Fri Jan 11, 2013, 07:27 PM

15. No, it really was not refuted. Not well or decisively.

I live here. Lived through it. Live a few miles away. Know kids who were barricaded in various parts of the school on that day and the lead FBI man on the scene, whose son was in the building and who played soccer with my son.

What we got afterwards was a lot of people denying any and all responsibility. Period. A lot of people saying there was nothing more they could have done. There are 2 points I'd like to make. Dylan had been bullied. He was very tall and thin. Going through an awkward stage that lasted longer than most kids. He was ostracized. Which is a form of bullying in itself. This left him open to anyone who would pay him any attention.

Enter Eric Harris. The kid who knows how to manipulate. It's no coincidence that the first time Dylan ever got into trouble was after Eric moved to Colorado. And because Dylan had no other friends at Columbine, he kept seeing Eric even after that, keeping it a secret from his parents. Ultimately this meant that Dylan was in Eric's control, with no input at all in the situation from his parents.

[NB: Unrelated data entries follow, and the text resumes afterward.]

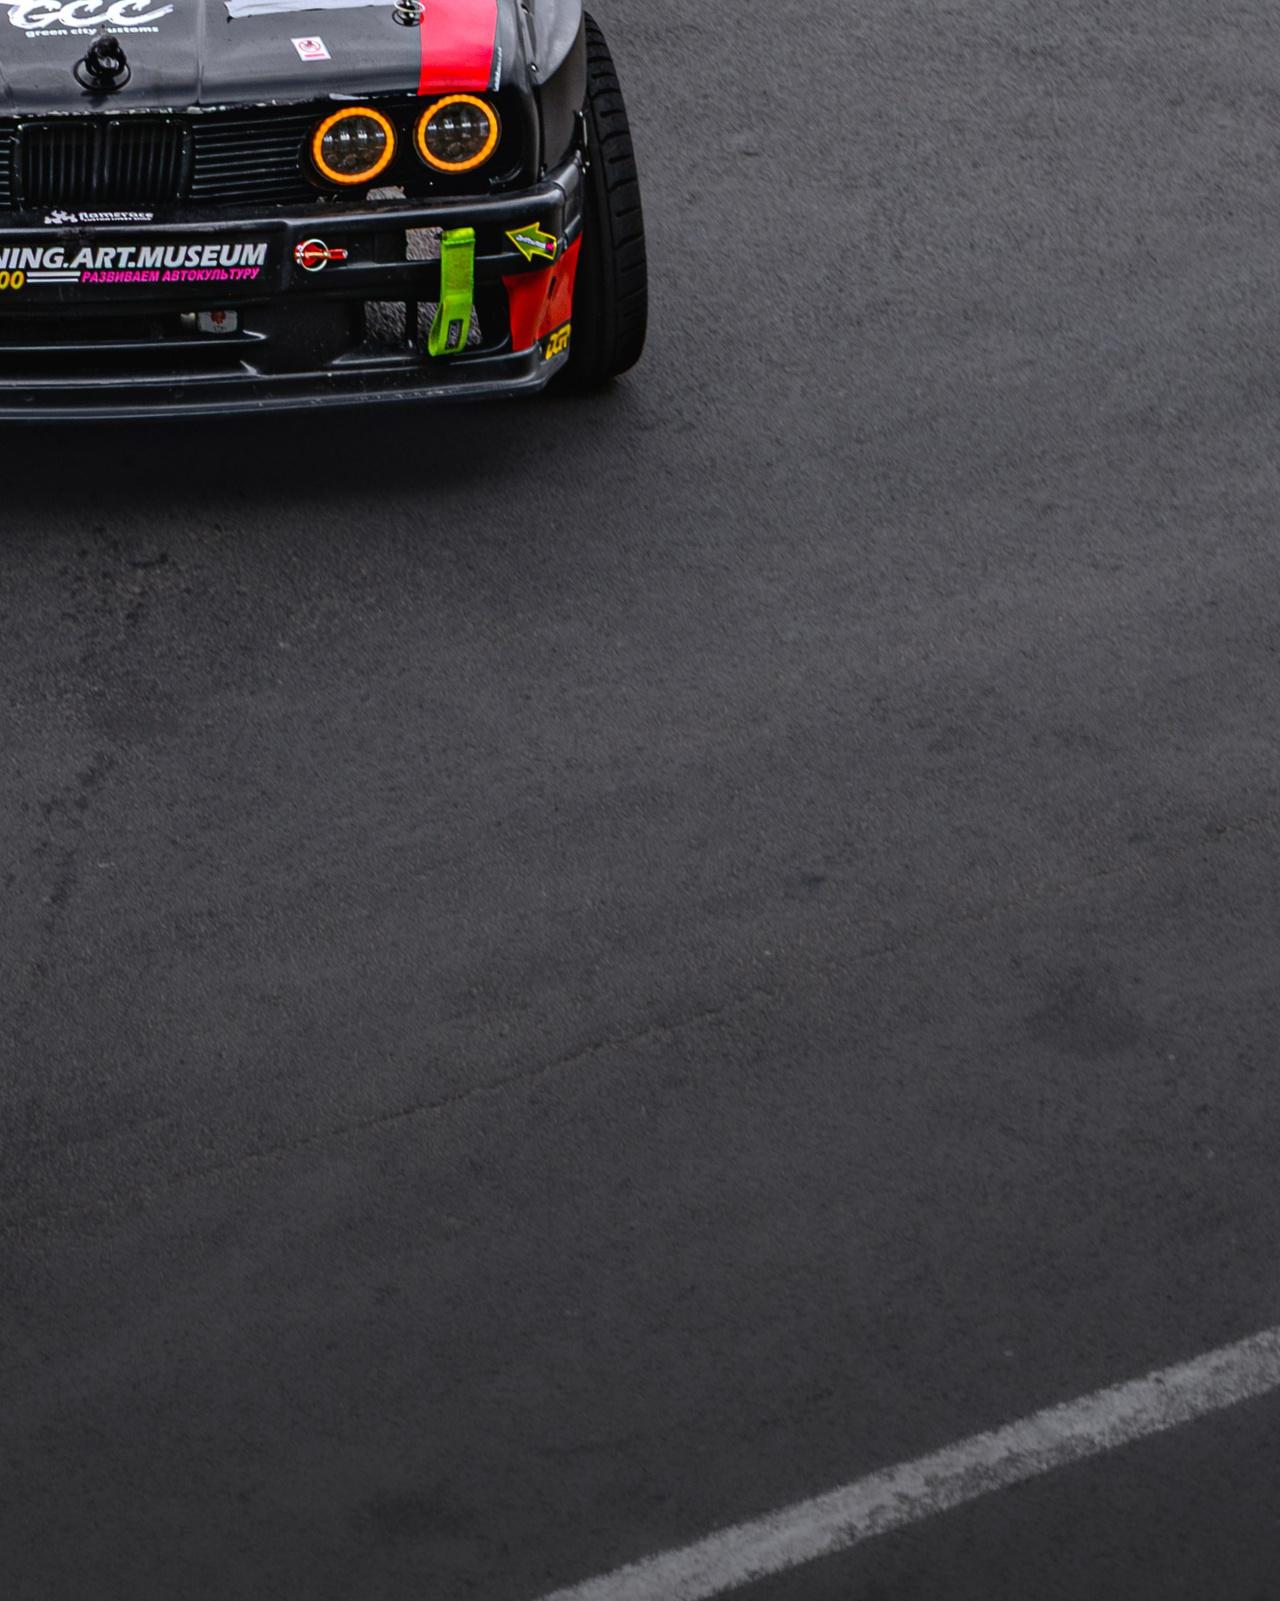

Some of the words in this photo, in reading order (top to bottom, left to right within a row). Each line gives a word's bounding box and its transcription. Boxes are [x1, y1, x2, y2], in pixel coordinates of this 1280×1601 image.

[25, 27, 68, 38] green
[70, 26, 97, 36] city
[102, 25, 160, 34] ustoms
[81, 270, 160, 284] РАЗВИВАЕМ
[161, 266, 260, 282] АВТОКУЛЬТУРУ

There was one huge mistake made by a teacher. She didn't give Mrs Klebold a copy of a violent story that Dylan had written. It might have given some insight into how troubled he was. It might have been a cry for help, a reason to start some different dialogue. Just maybe. Maybe he would have admitted the whole damned thing. Who knows now. We will never know. It seems that just once somebody at that school could have cared enough about Dylan to make an effort. Just once. If not to include him in anything, then just to say, hey, this is beyond the acceptable norm and maybe he needs help. And then just maybe all those kids would be alive, and all the injured kids would be walking and not still having nightmares every night.

Anyway, that's my two cents.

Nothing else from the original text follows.